Sarcelles, la “petite Jérusalem”, vient de basculer

Capture d’écran 2026-03-23 053434Ce résultat appelle une question simple, mais lourde de conséquences : la communauté juive de Sarcelles s’est-elle suffisamment mobilisée ? Lorsqu’une ville aussi symbolique bascule avec un tel écart, chacun doit avoir l’honnêteté de regarder la réalité en face. Une élection se joue dans les urnes, pas dans les conversations d’après-coup, dans les restaurants ou bien les Synagogues.

Et quand certains ne se déplacent pas, d’autres choisissent à leur place.

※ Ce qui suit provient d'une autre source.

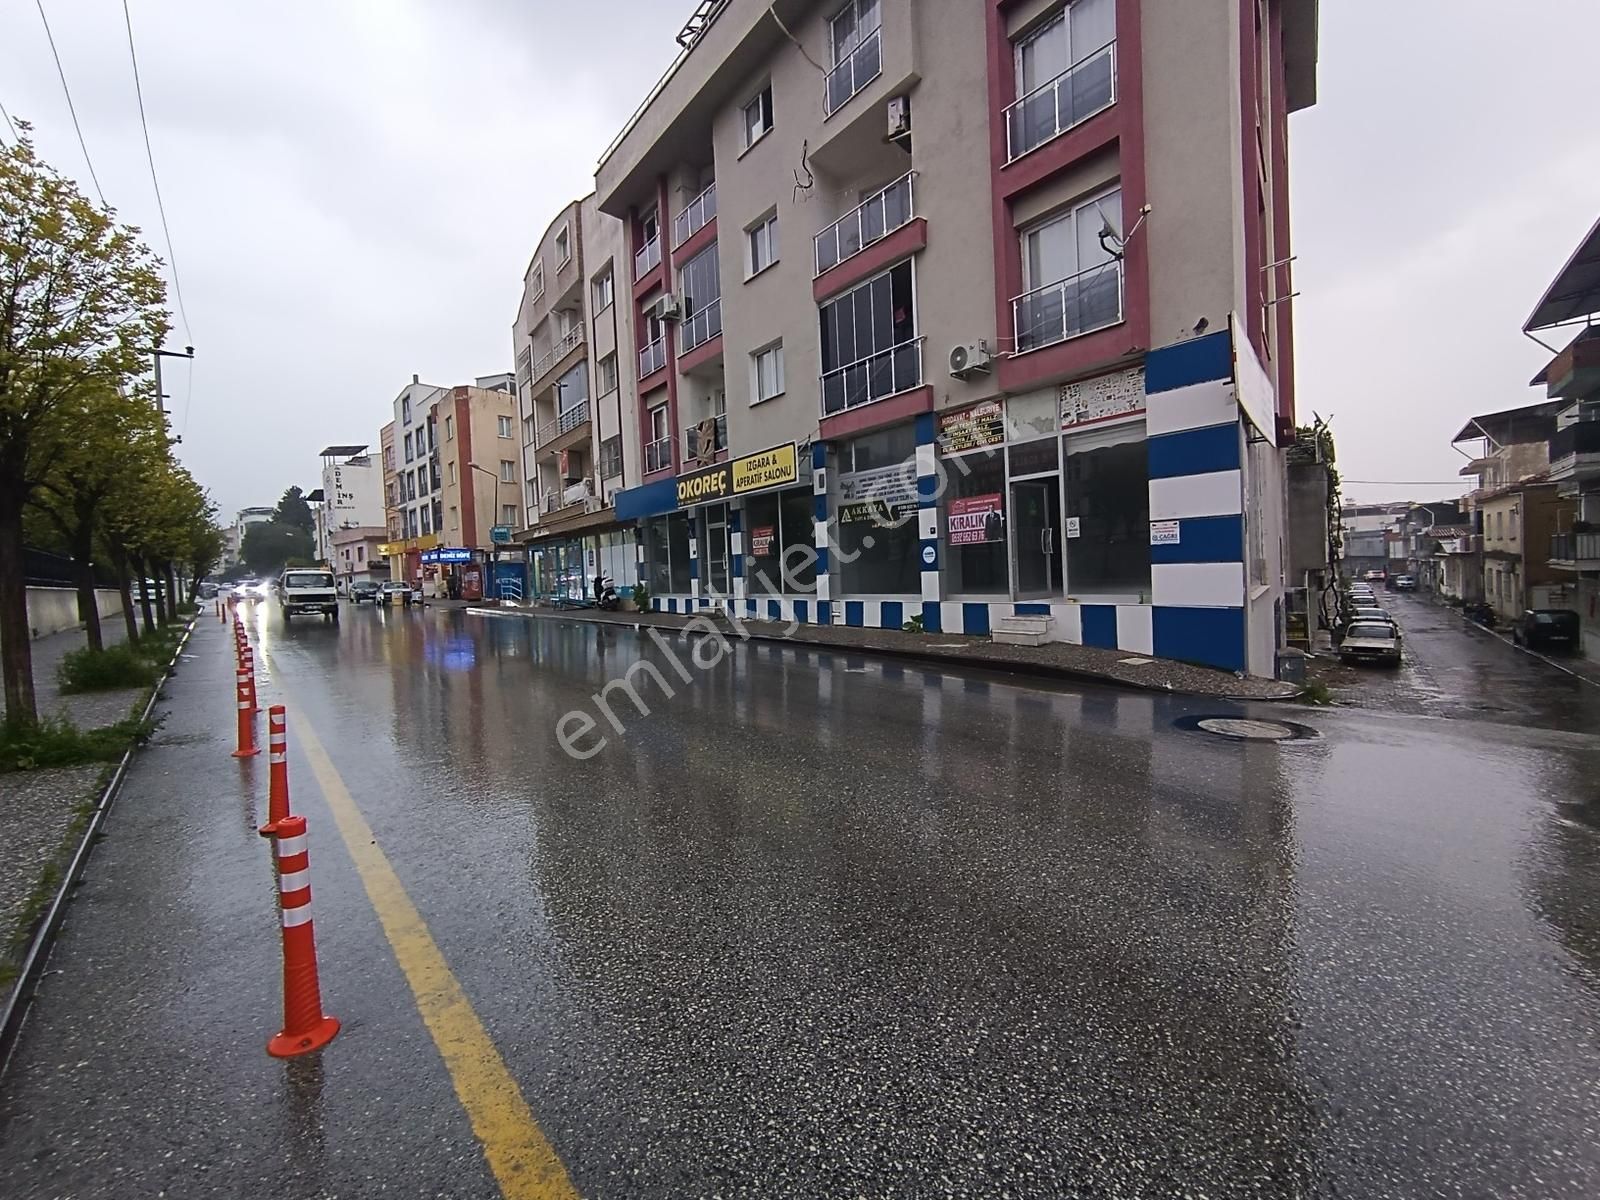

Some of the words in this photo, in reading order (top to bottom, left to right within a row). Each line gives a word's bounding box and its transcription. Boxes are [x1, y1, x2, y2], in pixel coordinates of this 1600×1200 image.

[763, 464, 792, 482] SALONU
[676, 470, 727, 500] OKOREÇ
[851, 504, 884, 516] AKKAYA

Pour beaucoup d’habitants, ce basculement n’est pas anodin. Sarcelles n’est pas une commune comme une autre. Elle représente depuis des décennies un lieu de vie, d’ancrage et d’identité pour une partie importante du judaïsme français. C’est pourquoi cette alternance politique provoque aujourd’hui, chez beaucoup, une inquiétude réelle :

Sarcelles est-elle en train de perdre une part de son âme ?

Il faut aussi regarder les responsabilités politiques locales. Patrick Haddad, maire sortant, était arrivé troisième au premier tour avec 25,40 % des suffrages, avant de se retirer de la course au second tour, sans donner de consignes de votes. Beaucoup regretteront qu’aucune dynamique claire de rassemblement n’ait émergé pour tenter de faire obstacle à ce basculement.

Il ne s’agit pas ici d’insulter qui que ce soit, ni de céder à l’excès. Il s’agit de poser une question politique, culturelle et civique. Car quand une ville symbole ( Jumelée avec la ville de Netanya- Israël) change de cap, ce n’est jamais seulement une affaire de pourcentages. C’est aussi un signal envoyé à ceux qui y vivent, à ceux qui y ont construit une histoire, à ceux qui veulent pouvoir y continuer à vivre leur identité sans peur ni effacement.

Beaucoup se demandent désormais quel visage prendra Sarcelles dans les années à venir. D’autres redoutent que l’on entende demain, dans ses rues, des slogans comme dans la ville de Saint  Denis  ou nous avions pu entendre à l’intérieur de la mairie des appels comme » Nous sommes tous des  Enfants de Gaza » ou des discours qui accentueraient encore les fractures déjà visibles dans d’autres villes. Ce sentiment d’inquiétude existe. Il faut l’entendre, sans caricature, mais sans aveuglement non plus.

La vérité est parfois dure : ceux qui ont remis à demain ce qu’ils pouvaient faire aujourd’hui risquent d’en garder un goût amer. Car l’abstention, l’indifférence ou le silence finissent toujours par produire des conséquences bien réelles. Et ce sont souvent les générations suivantes qui en paient le prix.

Une page s’est tournée à Sarcelles. Reste à savoir si ce sera un électrochoc salutaire ou le début d’un lent renoncement.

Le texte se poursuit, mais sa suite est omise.